Le concept de faillite de l'eau introduit une critère de lecture radicalement différent.
La question n'est en fait plus « quelle quantité d'eau tombe ou coule au cours d'une année donnée », mais quel niveau de retrait est soutenable sur le long terme.
En agriculture, cela signifie faire la distinction entre :
• eau renouvelable utilisé dans les limites de charge
• eau « empruntée » du futur, par la baisse du niveau des nappes phréatiques ou la dégradation des écosystèmes.
De nombreux systèmes agricoles fonctionnent aujourd'hui grâce à cette deuxième catégorie, souvent sans une réelle conscience de l'équilibre hydrique globalLa pénurie d'eau rend cette ambiguïté explicite et elle ne peut plus être ignorée.
Agriculture et suivi : sans données, il n'y a pas d'adaptation
Dans un contexte de pénurie d'eau, L'agriculture ne peut se fier à des estimations approximatives ni à des interventions correctives tardives.La gestion de l'eau devient une question de mesure continue.
Connaître les besoins réels en irrigation, l'évapotranspiration réelle, l'état hydrique du sol et le développement végétatif des cultures n'est plus un exercice technique, mais une condition nécessaire pour éviter de consommer davantage de ressources en eau.
Cela s'applique à la culture fruitière ainsi qu'à, surtout, aux systèmes de culture extensive et aux nouveaux modèles de production, tels queagrivoltaïque, qui promettent une coexistence entre production agricole et énergétique mais qui doivent être évaluées à la lumière des contraintes réelles liées à l'eau.
L'agriculture comme partie de la solution
Le rapport des Nations Unies montre clairement que La pénurie d'eau ne peut être traitée secteur par secteurIl s'agit d'un phénomène mondial, interconnecté par le commerce, les flux alimentaires, les migrations et la dynamique climatique.
Dans ce contexte, l'agriculture a une responsabilité particulière, mais aussi un potentiel décisif.
Réduire le gaspillage, améliorer l'efficacité de l'irrigation, adapter les pratiques culturales et fonder les décisions sur des données objectives. Cela signifie contribuer non seulement à la résilience des entreprises, mais aussi à la stabilité des territoires locaux.

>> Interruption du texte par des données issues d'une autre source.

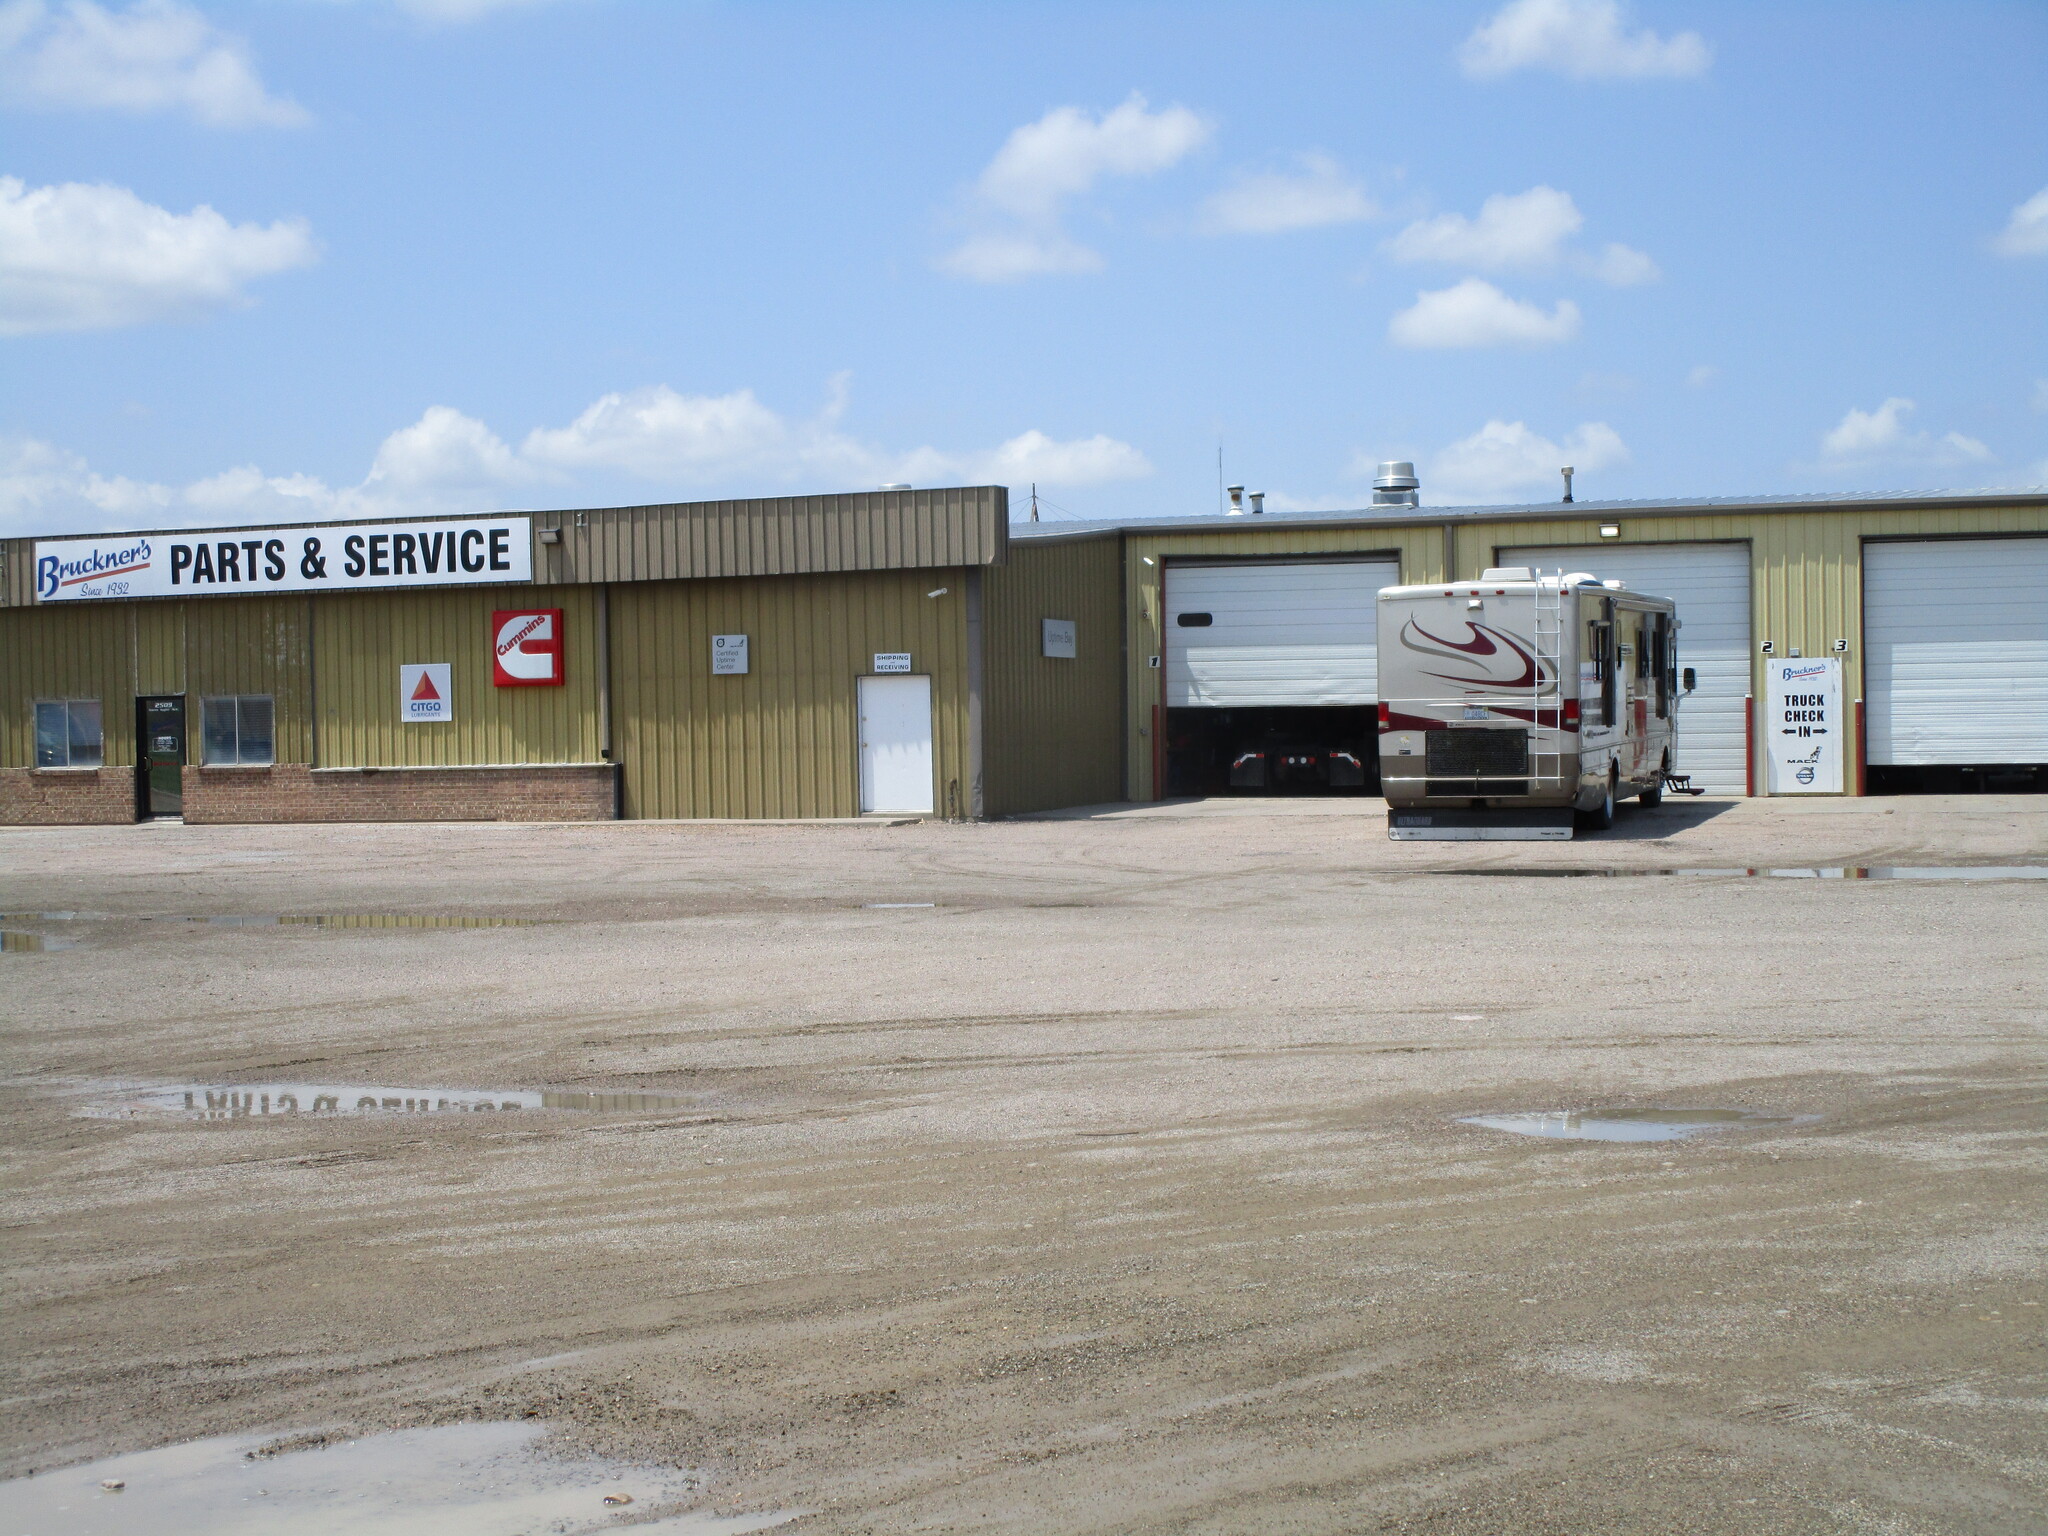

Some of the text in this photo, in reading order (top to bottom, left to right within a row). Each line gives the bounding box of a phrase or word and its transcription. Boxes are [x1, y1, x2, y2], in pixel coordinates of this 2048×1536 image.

[170, 528, 511, 585] PARTS & SERVICE
[37, 539, 152, 598] Bruckner's
[80, 582, 130, 597] Since 1932
[497, 615, 546, 657] Cummins
[1762, 641, 1773, 652] 2
[1836, 640, 1847, 651] 3
[1151, 656, 1159, 667] 1
[1782, 663, 1827, 681] Bruckner's
[1784, 694, 1825, 707] TRUCK
[410, 702, 441, 712] CITGO
[1784, 710, 1825, 722] CHECK
[1798, 726, 1811, 738] IN

L'agriculture, en d'autres termes, n'est pas seulement victime de la pénurie d'eau : c'est aussi l'un des domaines où l'on peut encore trouver des solutions. inverser la trajectoire, si vous acceptez d'opérer dans des limites clairement définies.
Grandir dans de nouvelles limites
Reconnaître la pénurie d'eau ne signifie pas renoncer à la production agricole, mais plutôt abandonnez l'illusion de l'eau infinie et construire des systèmes de production capables de durer dans le temps.
Dans un avenir proche, le défi ne sera pas de produire plus à tout prix, mais produire d'une manière compatible avec le capital en eau disponible, en mesurant, adaptant et corrigeant continuellement les choix.
En ce sens, la pénurie d'eau est une invitation à repenser l'agriculture comme une activité profondément liée aux limites naturelles dont elle dépend.
Et les reconnaître aujourd'hui est le premier pas vers leur éradication définitive.